Norbert Kettner: European solution needed to restore travel freedom
“From day one of the pandemic we set to work dismantling the internal EU market at lightning speed. While countries with large internal markets such as China and the USA are steadily approaching pre-coronavirus hotel occupancy rates, Europe is falling behind,” Kettner explained. This is a particular danger for a small tourism destination such as Austria, where 2020 clearly showed that the domestic market alone does not have sufficient potential – regardless of whether it is a question of city or winter tourism. “Before the outbreak of the pandemic, a third of all domestic overnights in Austria were accounted for by the greater Vienna area. For Vienna, which reported 17.6 million overnight stays in 2019 – 80% of which were accounted for by visitors from abroad – reactivating the market with domestic visitors alone is a mathematical impossibility,” Kettner confirmed.

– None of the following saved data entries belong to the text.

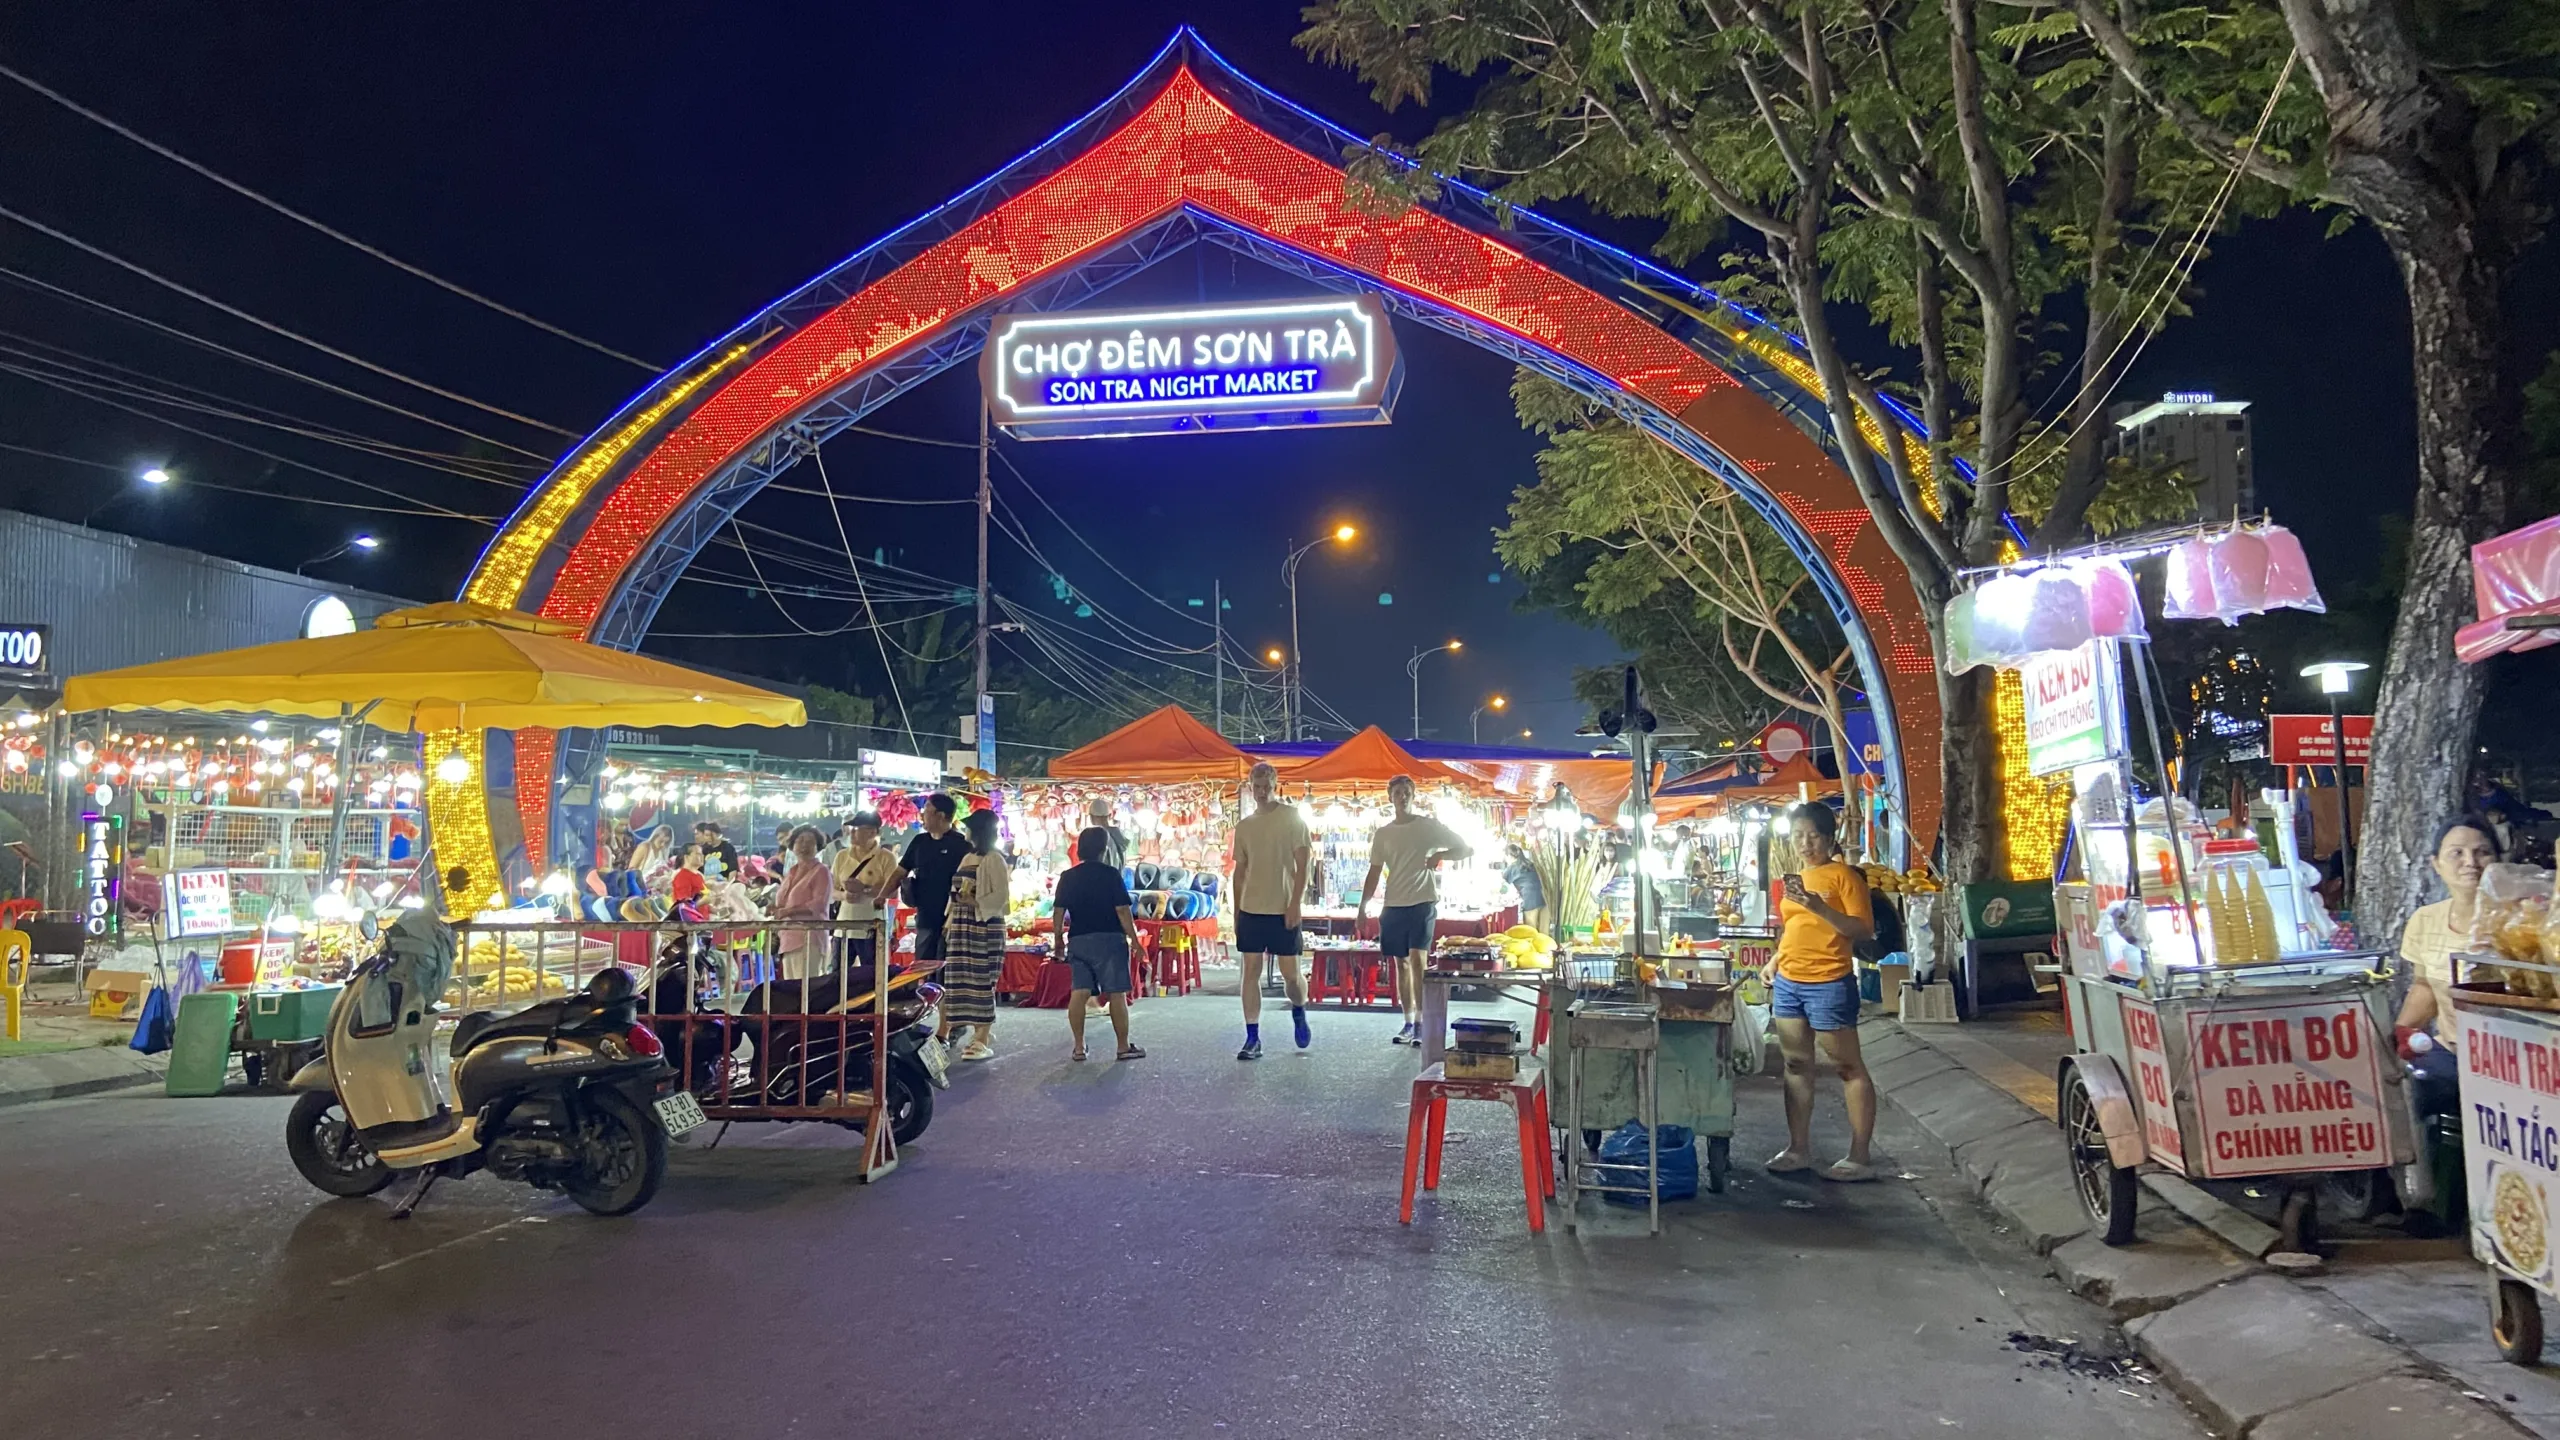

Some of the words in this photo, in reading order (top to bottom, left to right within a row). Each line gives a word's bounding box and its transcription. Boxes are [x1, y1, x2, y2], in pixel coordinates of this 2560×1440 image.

[1012, 339, 1090, 378] CHỢ
[1099, 330, 1182, 370] ĐÊM
[1194, 331, 1273, 366] SƠN
[1285, 319, 1357, 361] TRÀ
[1049, 381, 1095, 404] SON
[1101, 379, 1144, 401] TRA
[1149, 374, 1219, 398] NIGHT
[1224, 369, 1317, 394] MARKET
[2176, 394, 2213, 403] HIYORI
[1863, 743, 1884, 762] CH
[88, 822, 110, 935] TATTOO
[2129, 1007, 2161, 1051] KEM
[2200, 1019, 2293, 1069] KEM
[2303, 1008, 2360, 1062] BƠ
[2467, 1021, 2521, 1086] BÁNH
[660, 1094, 692, 1116] 92-B1
[2226, 1079, 2267, 1117] ĐÀ
[2272, 1071, 2354, 1114] NẴNG
[665, 1108, 705, 1133] 549.59
[2215, 1122, 2303, 1161] CHÍNH
[2310, 1116, 2376, 1160] HIỆU
[2475, 1102, 2513, 1156] TRÀ
[2517, 1105, 2558, 1172] TẮC

Seeing Europe as one market again
“The rules of the game for global tourism are being rewritten at the moment and market shares reallocated. We need to see Europe as precisely the construct that we have been building up for decades: a common market. Travel protocols that transcend national borders and a uniform vaccination passport – ideally extending to the United Kingdom and Israel – can be used to stimulate tourism until long-haul markets return,” said the Director of Tourism, welcoming recent developments in the European Green Passport initiative. At the same time, Kettner observed that the international visitor economy had already moved a step further: “Initiatives such as the IATA Travel Pass, the World Economic Forum’s Common Pass and the testing strategies being implemented by individual airlines show the way forward.”
City tourism: hotels need borders to reopen
Over the past ten years – up to the outbreak of the pandemic – the number of overnight stays in Austria as a whole has risen by around 22%, by around 55% in the provincial capitals and by 62% in Vienna. Media and hospitality brand Time Out has just published the results of its first global travel survey, which canvassed more than 21,000 respondents: more than a third of those asked indicated that they were still planning a city break this year. Potential that Kettner wants to capitalize on: “Before the coronavirus pandemic, city tourism was one of the driving forces behind a successful visitor economy – and can be used again to kick start the economy if we take the right steps now. Reopening the city’s hotels has to go hand in hand with a reopening of European borders. Otherwise the audience is simply too small to be able to operate profitably.”